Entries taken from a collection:
- Opening Delimiter -
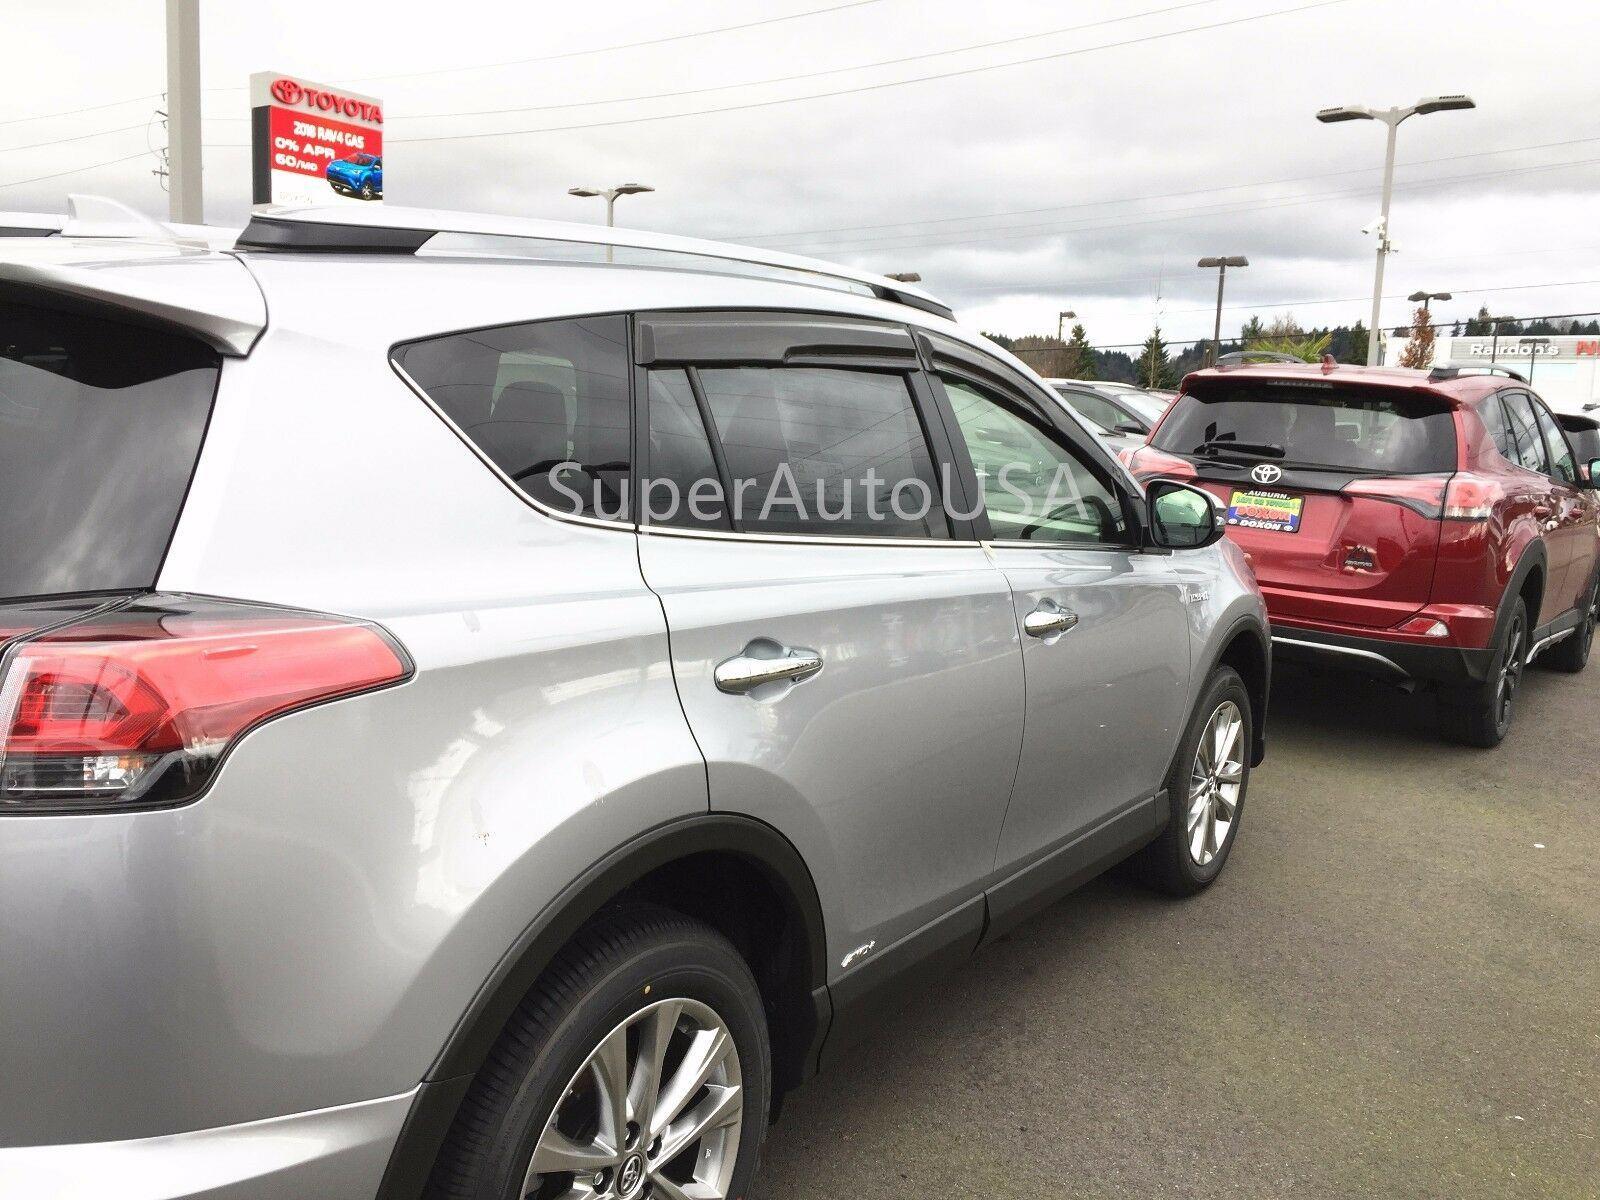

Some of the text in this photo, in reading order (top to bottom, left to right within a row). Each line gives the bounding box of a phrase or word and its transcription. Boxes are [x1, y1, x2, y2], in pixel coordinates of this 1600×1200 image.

[303, 87, 383, 123] TOYOTA
[274, 136, 336, 159] 0% APR
[344, 132, 364, 149] GAS
[1470, 342, 1560, 356] Rairdon's
[1248, 490, 1288, 499] AUBURN
[1239, 519, 1282, 531] DOXON
- Closing Delimiter -
*ASSIGNED TASK:* When you reach a picture in the records above, pass over it and transcribe the rest exactly.

*OUTPUT:*
Some of the text in this photo, in reading order (top to bottom, left to right within a row). Each line gives the bounding box of a phrase or word and its transcription. Boxes are [x1, y1, x2, y2], in pixel coordinates of this 1600×1200 image.

[303, 87, 383, 123] TOYOTA
[274, 136, 336, 159] 0% APR
[344, 132, 364, 149] GAS
[1470, 342, 1560, 356] Rairdon's
[1248, 490, 1288, 499] AUBURN
[1239, 519, 1282, 531] DOXON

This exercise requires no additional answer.